For Canadian broadcasts and syndication, sketches featuring nudity were censored by substituting reverse-angle shots filmed from behind nude actors (usually women appearing topless) or alternate takes where the actors wore bras. In rare instances involving nudity below the waist, the scenes were cut abruptly.

The uncensored version also aired regionally in the United Kingdom on ITV, typically after 11 pm, with some of the stronger language censored using conventional bleeps.

The uncensored version has not been aired since the original Showtime broadcasts and syndication ended in the late 1980s and have not been made available for syndication. The censored episodes have continued to be rebroadcast.

==Development==
Bizarre was originally developed for ABC. In 1979, ABC was looking into re-entering the late night television market amid reports of Johnny Carson potentially leaving NBC's The Tonight Show due to a contract dispute. ABC made overtures to Carson and to Richard Dawson, then working for ABC as the host of their daytime game show Family Feud and also serving as Carson's regular guest host. Carson eventually renewed with NBC.

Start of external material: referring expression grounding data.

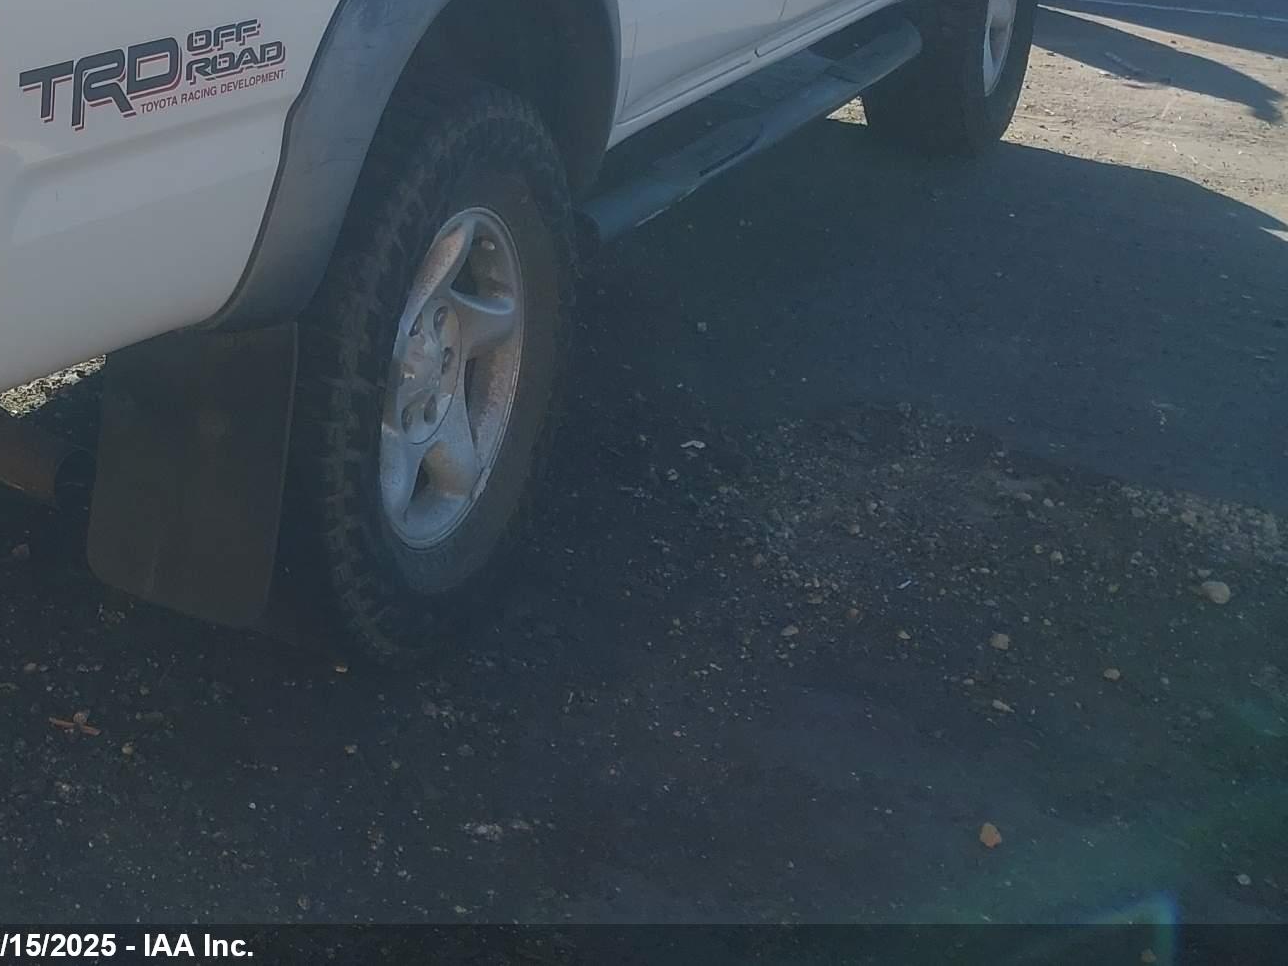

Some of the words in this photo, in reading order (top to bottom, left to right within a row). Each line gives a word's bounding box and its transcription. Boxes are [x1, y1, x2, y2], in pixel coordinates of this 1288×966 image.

[186, 19, 261, 56] OFF
[19, 36, 182, 132] TRD
[186, 40, 286, 85] ROAD
[140, 96, 178, 114] TOYOTA
[180, 87, 217, 103] RACING
[220, 69, 286, 94] DEVELOPMENT

Dawson taped the pilot for Bizarre at Television City Studios in Hollywood, which aired as a special on ABC on March 20, 1979. However, neither Dawson nor ABC chose to proceed with the project. ABC ultimately pursued other late-night programming, including Fridays and Nightline.

Production of Bizarre later moved to Canada, enabling the series to qualify for Canadian content credits while retaining a predominantly American cast. Impressionist John Byner was brought in as the host. The premiere episode of Bizarre featured several sketches that had been part of the Dawson pilot.

==DVD release==
DVDs of the unedited version of Bizarre, titled The Best of Bizarre Uncensored, were released in late 2005 by Visual Entertainment. These DVDs are available for purchase through Canadian and U.S. retailers. Since July 2007, nine individual volumes have been released.

Although the episodes on the DVDs are uncensored in terms of language and nudity, most do not include the original end credits. These credits originally featured sponsorship plugs for the Royal York Hotel and Tilden Rent-a-Car. A generic "DVD credits" sequence is included on each disc to give credit to those who worked on the series. An exception is episode 47 (on Volume Five), where the sponsorship plugs remain due to a comment made by Super Dave Osborne. Episodes that featured live-action sketches during the end credits generally still include these sequences.

==Reruns==
The uncensored version of Bizarre has not aired on television since the original Showtime broadcasts and syndication ended in the late 1980s. The censored episodes have continued to be rebroadcast in Canada, with airings as recent as 2003, primarily to meet Canadian content requirements.

Bizarre aired on The Comedy Network from 1997 to 2003. It was later broadcast on TV Land Canada, which rebranded as Comedy Gold, from New Year's Eve 2008 until August 2011.